P N Bhagwati Committee Report (1971)

The Commission stated that the imbalance between the rich and the poor in administration of the justice can be uprooted by building up and creating viable effective system of the legal aid program.


Krishna Iyer Committee Report (1972)

This was another committee headed by Justice Iyer which emphasized on characterizing the people who need Legal Aid and also on spreading a system through which the Legal Aid reaches public instead of Public reaching out for Legal Aid.

After this, a combined committee of Justice Bhagwati and Justice Iyer, called the Judicature Committee, was constituted in the year 1977.

CILAS (1980)

The Central Government in 1980 formed another committee known as the Committee for Implementing Legal Aid Schemes (CILAS), under the chairmanship of Justice Bhagwati. The main motive of this committee was to monitor the implementation of Legal Aid programs and to bring all the ongoing Legal Aid programmes of the country under a single umbrella.

In the year 1987, Union Government enacted the Legal Service Authority Act, 1987 and gave the Legal Aid programmes a statutory recognition.

Why is free legal aid necessary?

There are various reasons why legal aid is needed in India:

Maintaining Rule of Law: Rule of Law and equality before law are the cornerstones of democracy. It is necessary to maintain order among chaos by keeping law above every individual. However, there would be no Rule of law unless the common man, irrespective of the financial capacity, is able to assert and vindicate the rights given to him by law, which is why the provision of Legal aid is necessary to maintain equality before law.

Following audi alter partem: In a free and fair trial, both the parties in a case are heard in order to decide the guilty in a case. Legal aid makes sure that every person in the Country gets a Legal representative to voice his/her case in the Court.
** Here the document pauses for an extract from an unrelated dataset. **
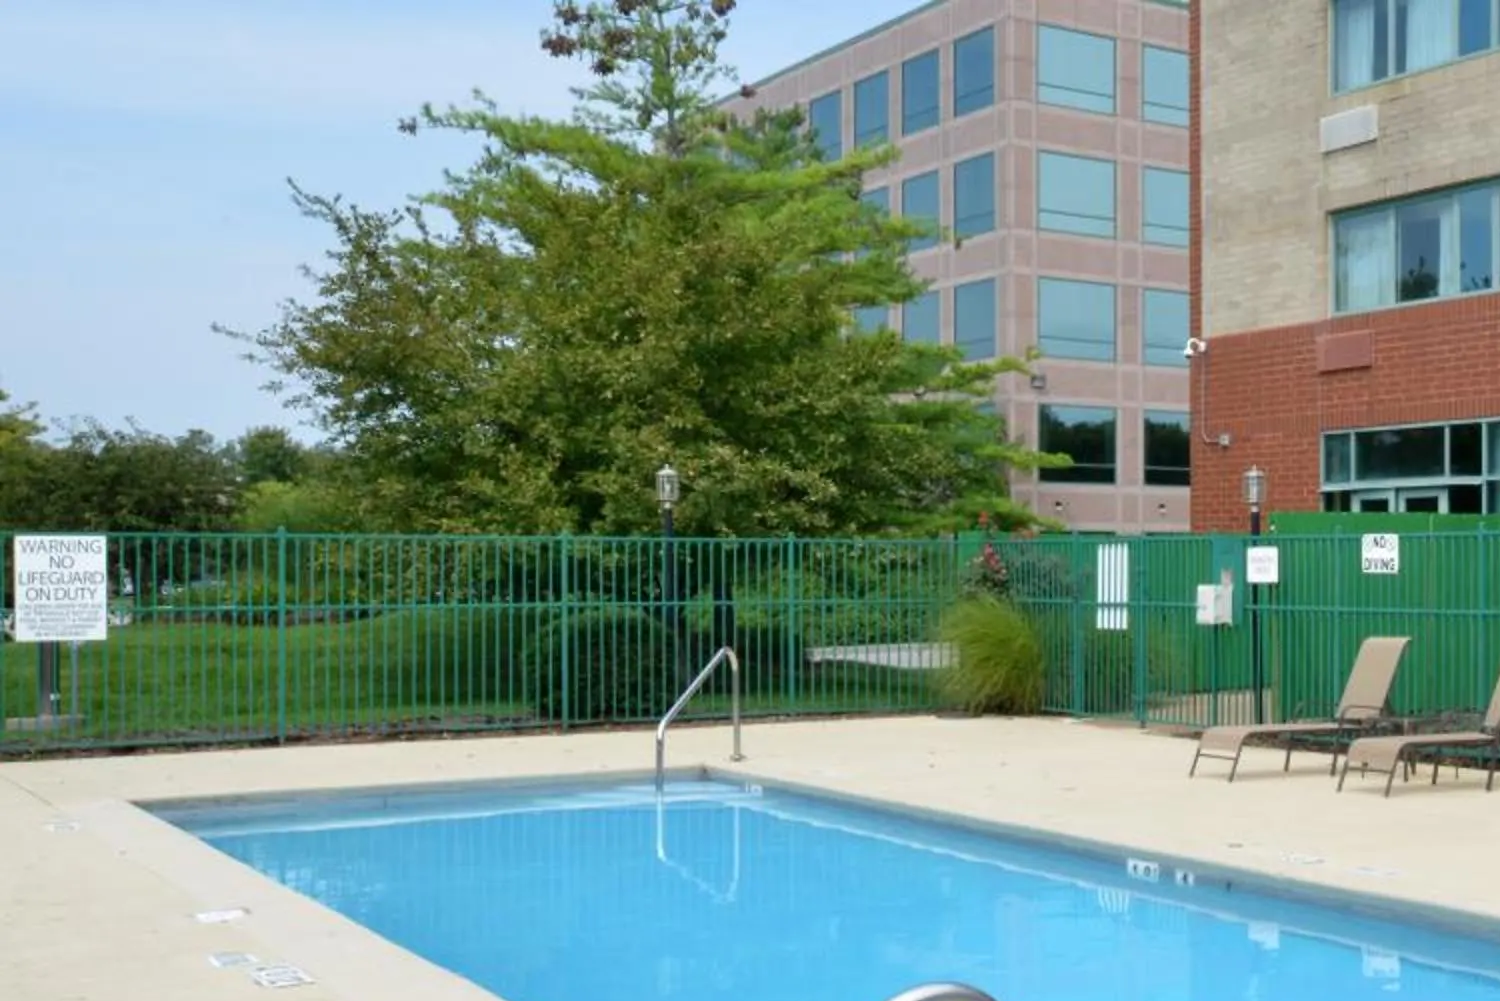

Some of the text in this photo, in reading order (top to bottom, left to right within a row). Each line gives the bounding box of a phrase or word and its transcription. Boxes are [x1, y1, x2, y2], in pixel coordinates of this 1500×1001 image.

Removing the inequality: Inequalities are there in almost all the aspects of the society whether financial, social or cultural. However to remove this barrier in the legal aspect, provision of free legal aid is necessary so that every person belonging to any caste, religion or place can get justice.

Ethical duty: It is the ethical duty of a lawyer to make sure that Money is not a barrier in the way of perceiving Justice.
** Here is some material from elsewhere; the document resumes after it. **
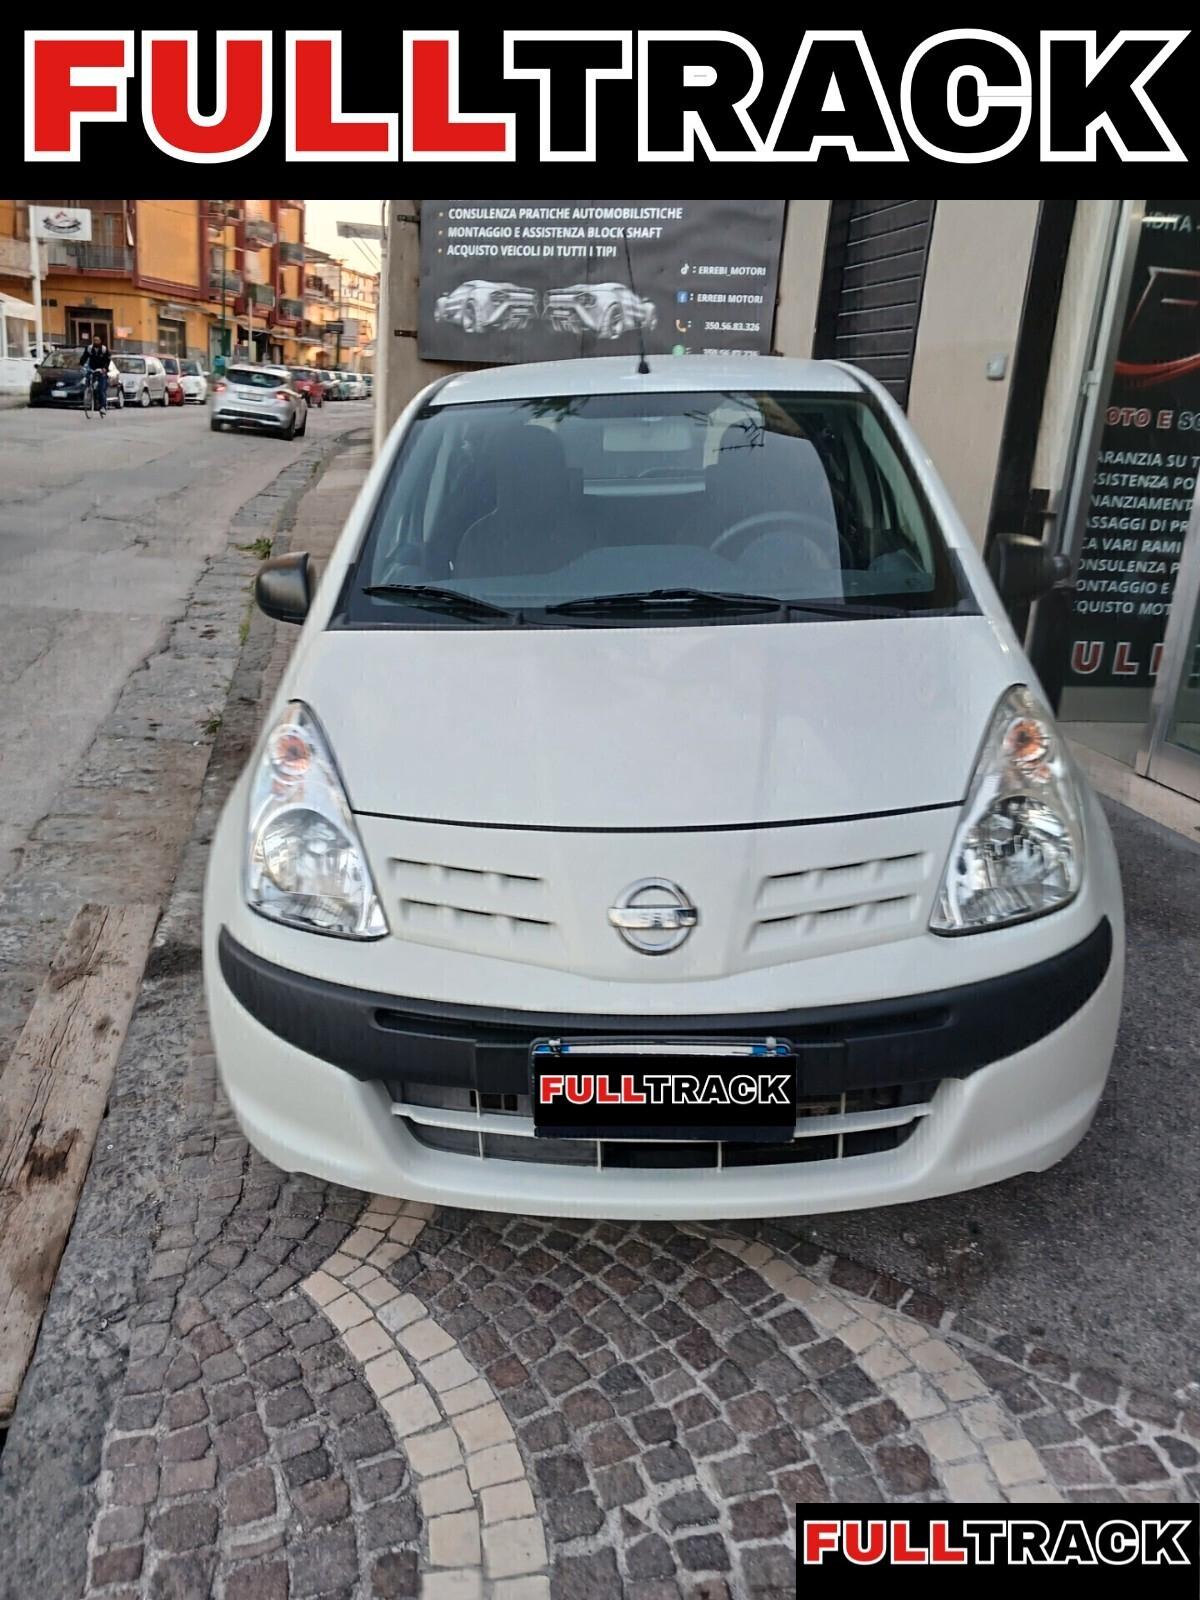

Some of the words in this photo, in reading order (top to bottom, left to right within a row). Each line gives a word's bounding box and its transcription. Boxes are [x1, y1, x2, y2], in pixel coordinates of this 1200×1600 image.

Legal aid mechanism in India

Any person who wants to seek Legal aid can address the complain in the main office of Legal Service authority either in writing, orally or through e-mail, along with an application to show that he/she is eligible to attain the same. There has been fixation of criteria on which people can avail the benefits of Legal Aid.

Section 12 of the Legal Service Act provides for the criteria under which the people can get free legal aid. The following people are in that category:

  • a member of a SC or ST;
  • a victim of trafficking in human ;
  • a woman or child;
  • disabled person, including mental disability;
  • a victim of mass disaster;
  • an industrial workman;
  • a person in custody;
  • person whose annual income is less than rupees nine thousand or such

other higher amount as may be prescribed by the State Government if the case is before a court other than the Supreme Court and less than rupees twelve thousand or such other higher amount as may be prescribed by the Central Government if the case is before the Supreme Court;

  •  unable to engage a lawyer and secure legal service on account of reasons such as poverty, indigence situation etc.,

Various Statutory and Judicial bodies have been established in order to provide quick redressal-

(a) National Legal Service Authority(NALSA)
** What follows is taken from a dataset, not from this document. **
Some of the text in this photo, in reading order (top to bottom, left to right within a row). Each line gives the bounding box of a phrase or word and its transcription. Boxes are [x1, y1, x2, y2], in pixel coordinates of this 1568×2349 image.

Constituted in the year 1995, NALSA is a statutory body having the motive of implementing and monitoring the ongoing Legal aid programs in the Country. NALSA issues guidelines to be followed by State Legal Service Authority and District Legal Service Authority to implement the Legal aid programs and to organize Legal Aid Camps in every district in order to spread awareness among people regarding the authority. It also organizes Lok Adalats for speedy disposal of cases.

(b)Supreme Court Legal Service Committee

It is another statutory body working to provide legal aid to people falling in the category as mentioned in Section 12. Apart from that, LSA Act, 1987 also directs this authority to perform functions as may be determined by the Central Authority and State Authority respectively.

(c)Taluka Legal Service Authority

As per Section 11, Taluka Legal Services were established which work under the rules made by the different States.

(d)Lok Adalats [Judicial body]

Lok Adalat is one of the alternate dispute resolution mechanisms, it is a forum where disputes pending in the court of law or at pre-litigation stage are settled amicably. It is a judicial body possessing the powers of a civil court.

(e)Apart from these Governmental Bodies, many NGOs and Law firms doing Pro Bono cases also provide free Legal Aid. Nowadays, many law schools have started a Legal Aid cell in order to raise awareness regarding the availing facilities that can be taken by them. In 2017, the Ministry of law also launched an online platform known as “Pro-Bono Legal Service” where interested lawyers can register themselves to volunteer for pro-bono services for the people out of reach of the court.

Legal /constitutional validity of legal aid

Another question which arises is the constitutional/legal validity of the provision of Free Legal aid. To answer this question, we need to refer to the following points:

  1. Article 39A: This article clearly mentions that, “It is the obligation of the State to see that the legal system advances justice based on equal opportunity for its entire citizen. It should therefore give free legal aid to the individuals who can’t get justice because of financial and other disabilities.”
  2. Article 14: This article demands for equality before law and Legal aid aims to remove the inequality between various segments by providing equal opportunity to represent their case, whatever the situation may be.
  3. Article 21: The article provides the fundamental rights like Protection of Life and Liberty and provisions of Free Legal aid is an essential part of it.
  4. Section 304 of CrPC: This section states that if the accused is unable to procure a legal advisor, the court must provide one to represent the accused on the bearing of the State.
  5. Order 33 rule 17 of CPC: This section states that if an indigent person is not able to avail legal services, then the court shall exempt him from paying court fees.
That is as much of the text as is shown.